══ DATA

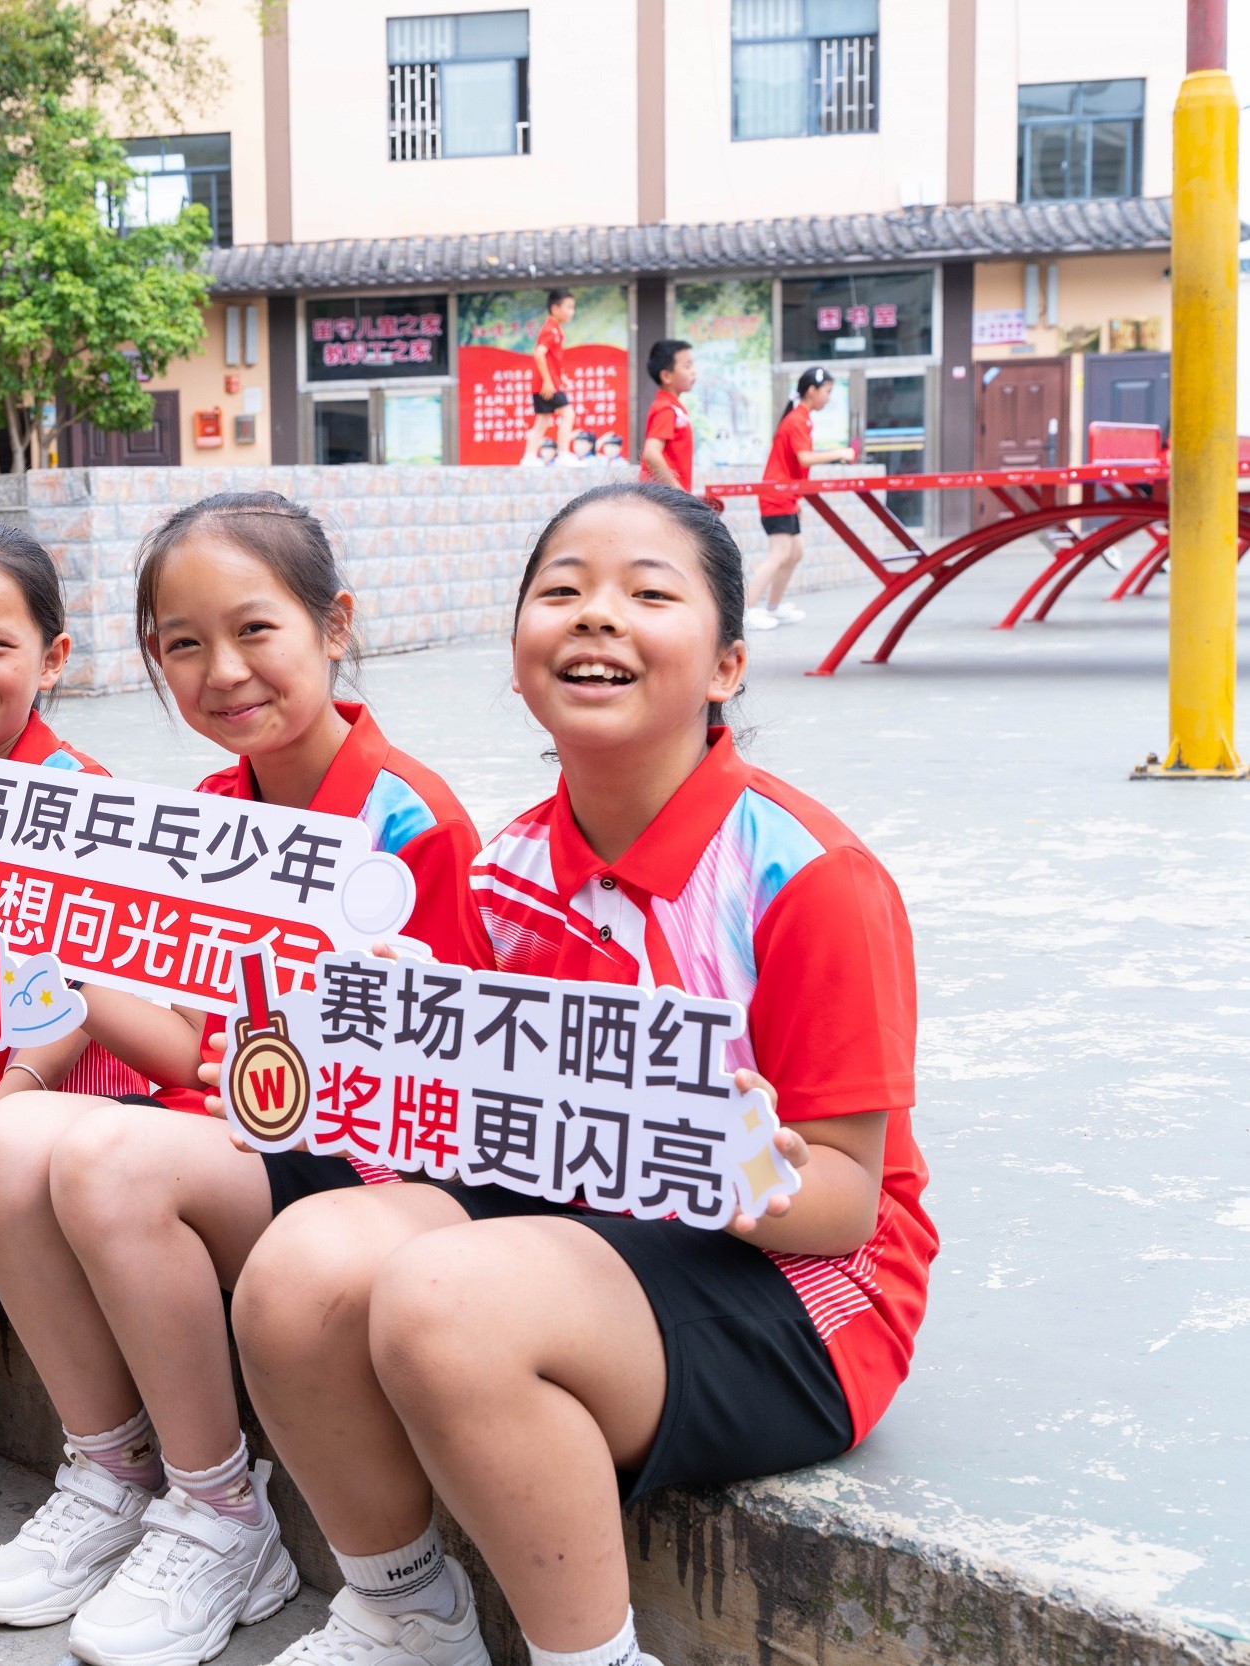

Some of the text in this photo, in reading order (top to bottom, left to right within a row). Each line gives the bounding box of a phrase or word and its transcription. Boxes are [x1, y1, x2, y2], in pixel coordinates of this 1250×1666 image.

[312, 313, 443, 341] 留守儿童之家
[321, 961, 731, 1099] 赛场不晒红
[248, 1065, 287, 1113] W
[315, 1062, 727, 1217] 奖牌更闪亮
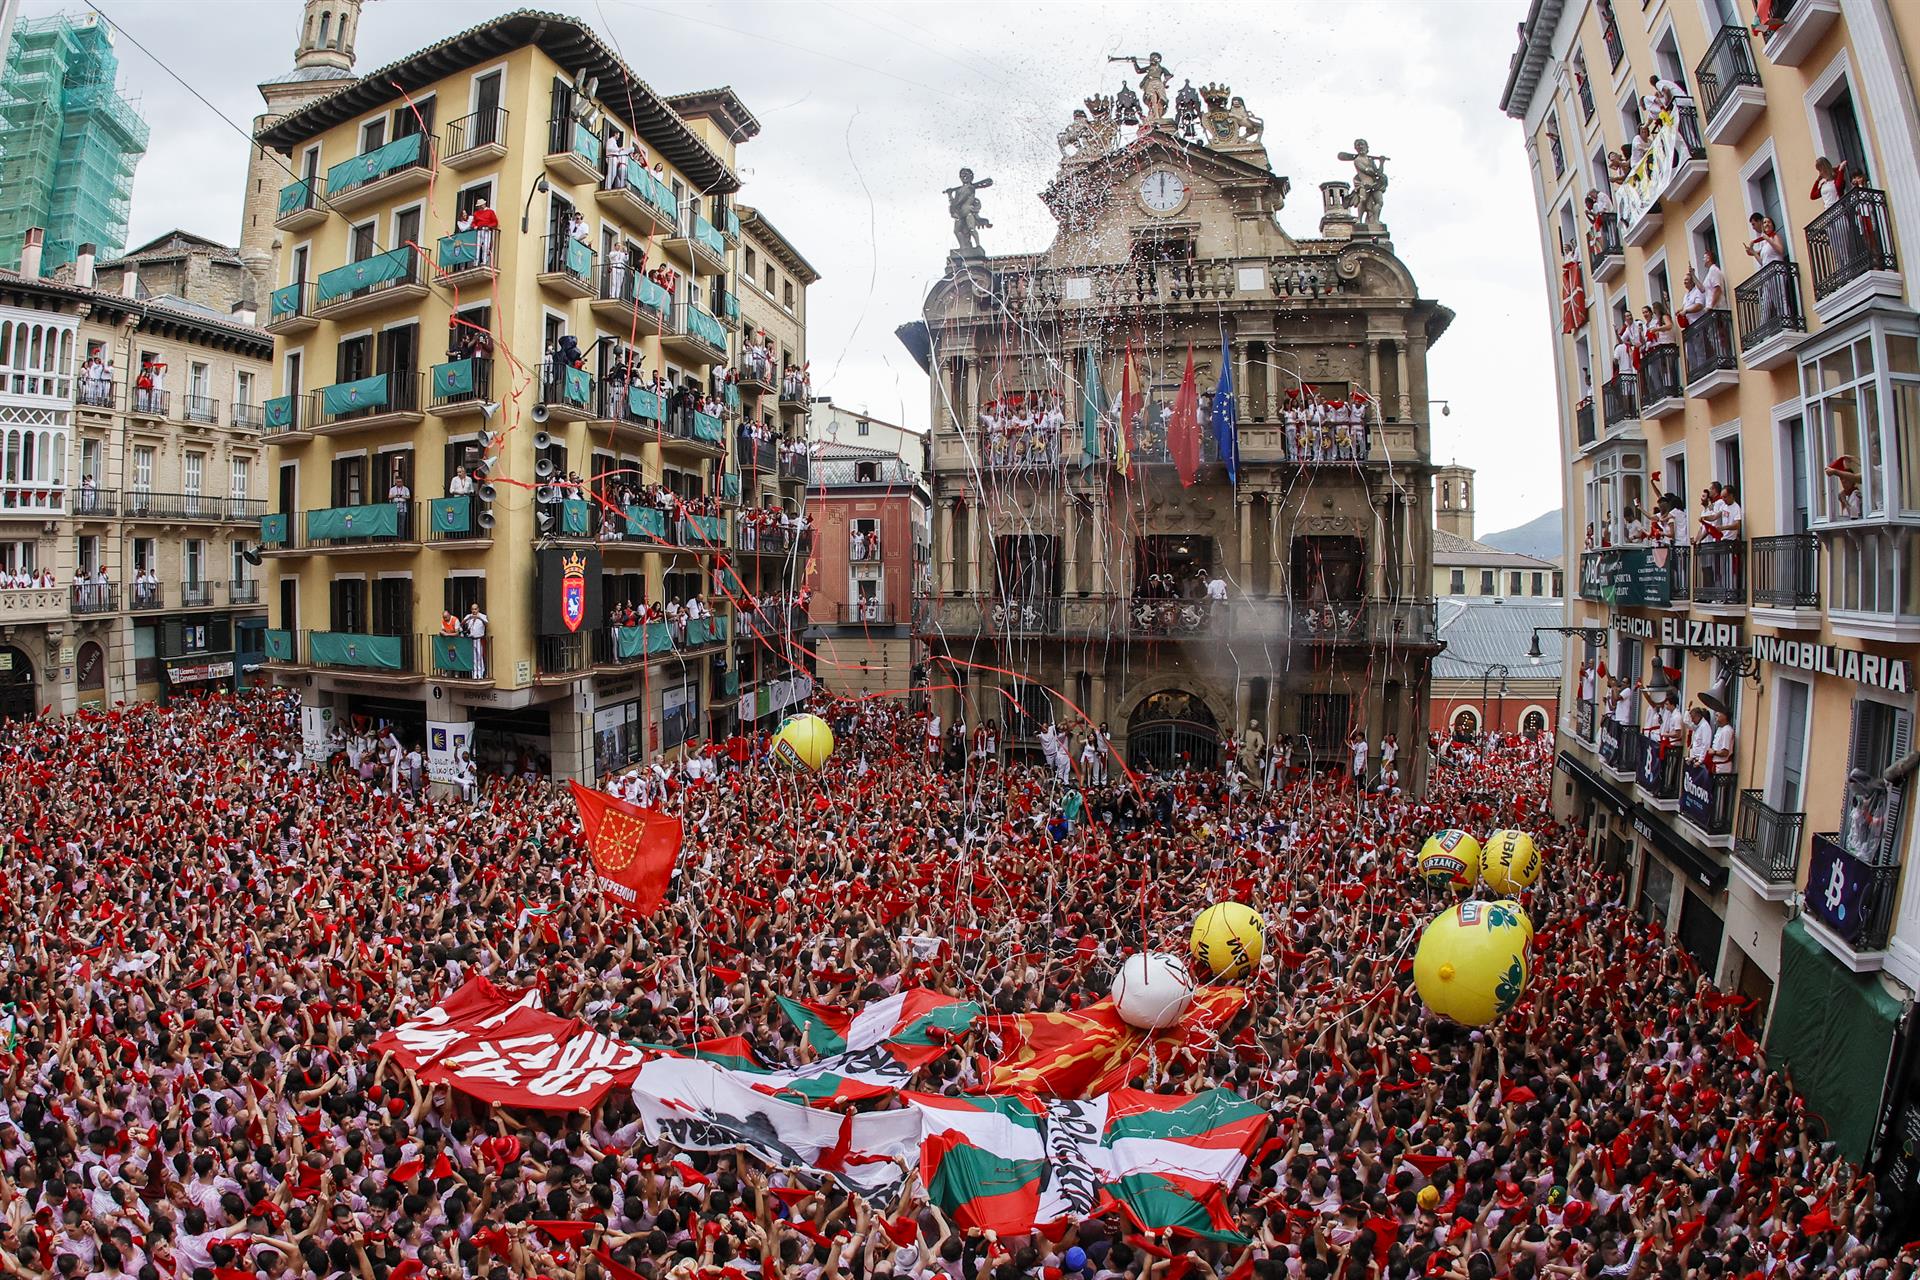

════

An exact copy of every record above is required, with all pictures omitted.

Some of the text in this photo, in reading order (top to bottom, left to right within a row). Each line gives the bounding box of a phrase or word and its transcription. Boxes are [x1, y1, x2, y2], in pixel coordinates of this 1250×1666 image.

[312, 313, 443, 341] 留守儿童之家
[321, 961, 731, 1099] 赛场不晒红
[248, 1065, 287, 1113] W
[315, 1062, 727, 1217] 奖牌更闪亮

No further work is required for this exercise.